--- LISTED ENTRIES Enclosed Below ---

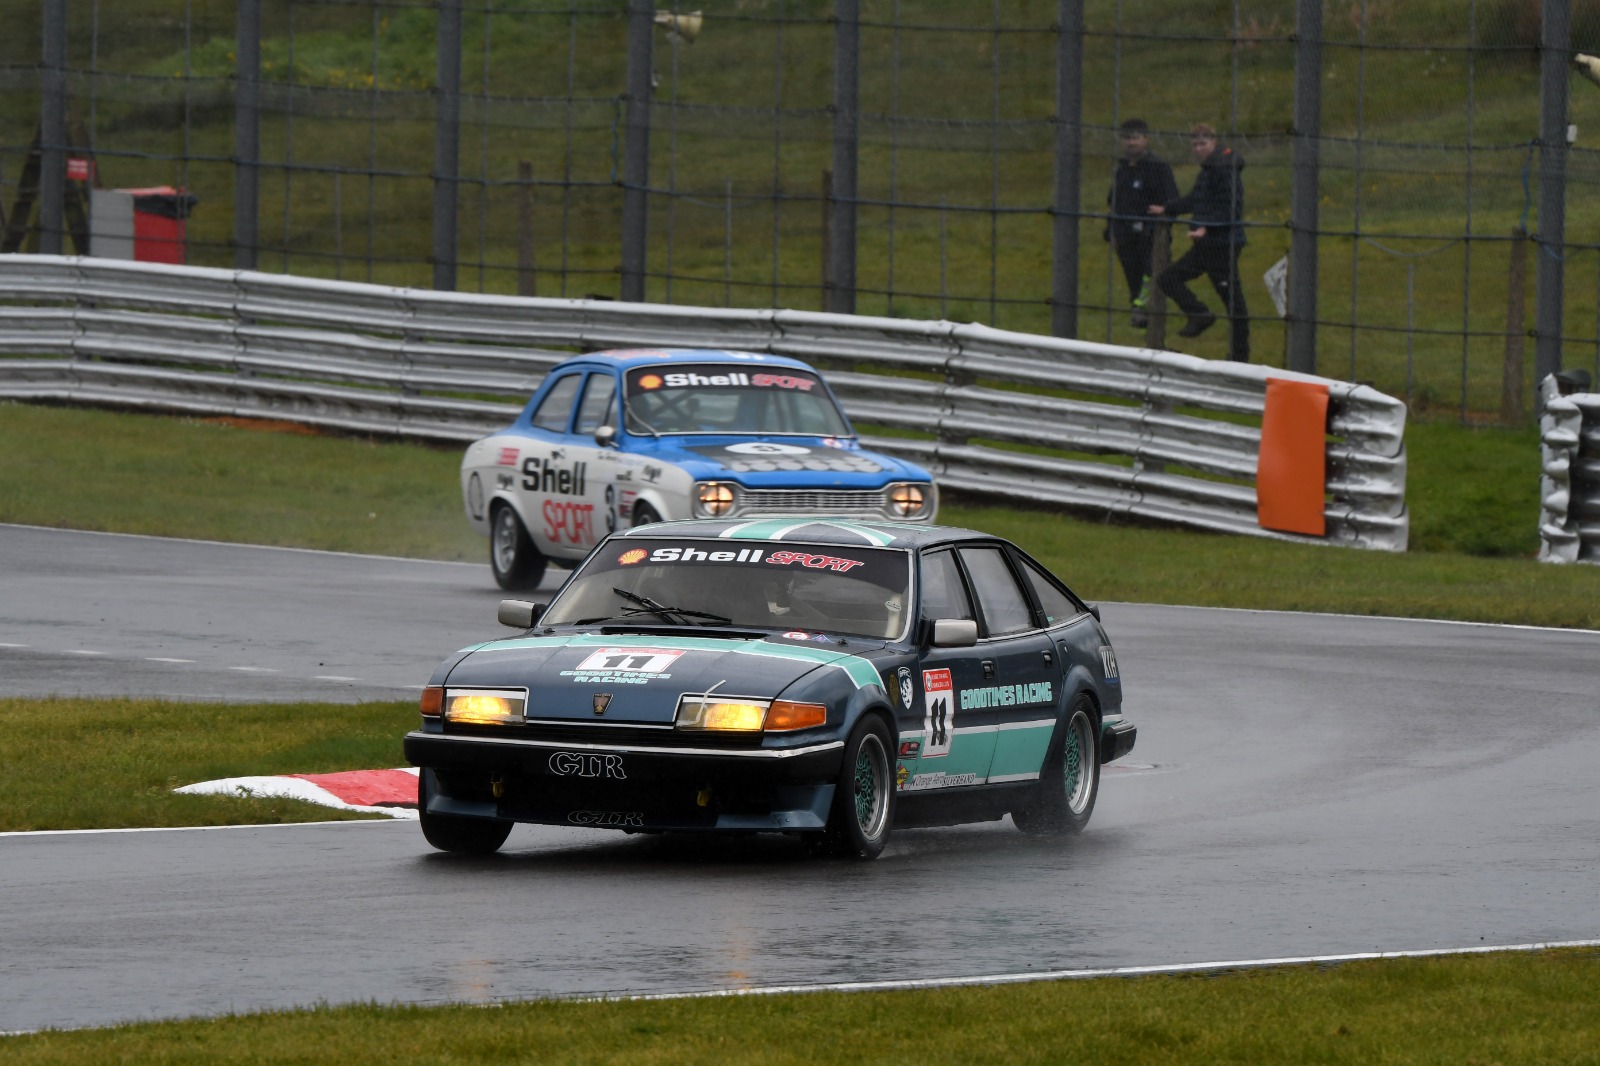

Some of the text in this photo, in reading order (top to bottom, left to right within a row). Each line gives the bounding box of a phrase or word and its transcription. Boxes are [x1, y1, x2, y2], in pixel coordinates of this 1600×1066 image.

[664, 373, 816, 391] Shell SPORT
[522, 457, 587, 496] Shell
[543, 499, 597, 545] SPORT
[650, 547, 865, 573] Shell SPORT
[560, 670, 672, 680] GOODTIMES
[602, 655, 655, 669] 11
[574, 676, 649, 684] RACING
[960, 681, 1053, 710] GOODTIMES RACING
[931, 697, 947, 746] 11
[548, 752, 627, 779] GTR
[567, 810, 644, 827] GTR

--- End of Enclosed LISTED ENTRIES ---

● **BRIEF**: Reproduce the whole of the data, word for word, and omit its pictures.

● **RESULT OF THE EXERCISE**:
Some of the text in this photo, in reading order (top to bottom, left to right within a row). Each line gives the bounding box of a phrase or word and its transcription. Boxes are [x1, y1, x2, y2], in pixel coordinates of this 1600×1066 image.

[664, 373, 816, 391] Shell SPORT
[522, 457, 587, 496] Shell
[543, 499, 597, 545] SPORT
[650, 547, 865, 573] Shell SPORT
[560, 670, 672, 680] GOODTIMES
[602, 655, 655, 669] 11
[574, 676, 649, 684] RACING
[960, 681, 1053, 710] GOODTIMES RACING
[931, 697, 947, 746] 11
[548, 752, 627, 779] GTR
[567, 810, 644, 827] GTR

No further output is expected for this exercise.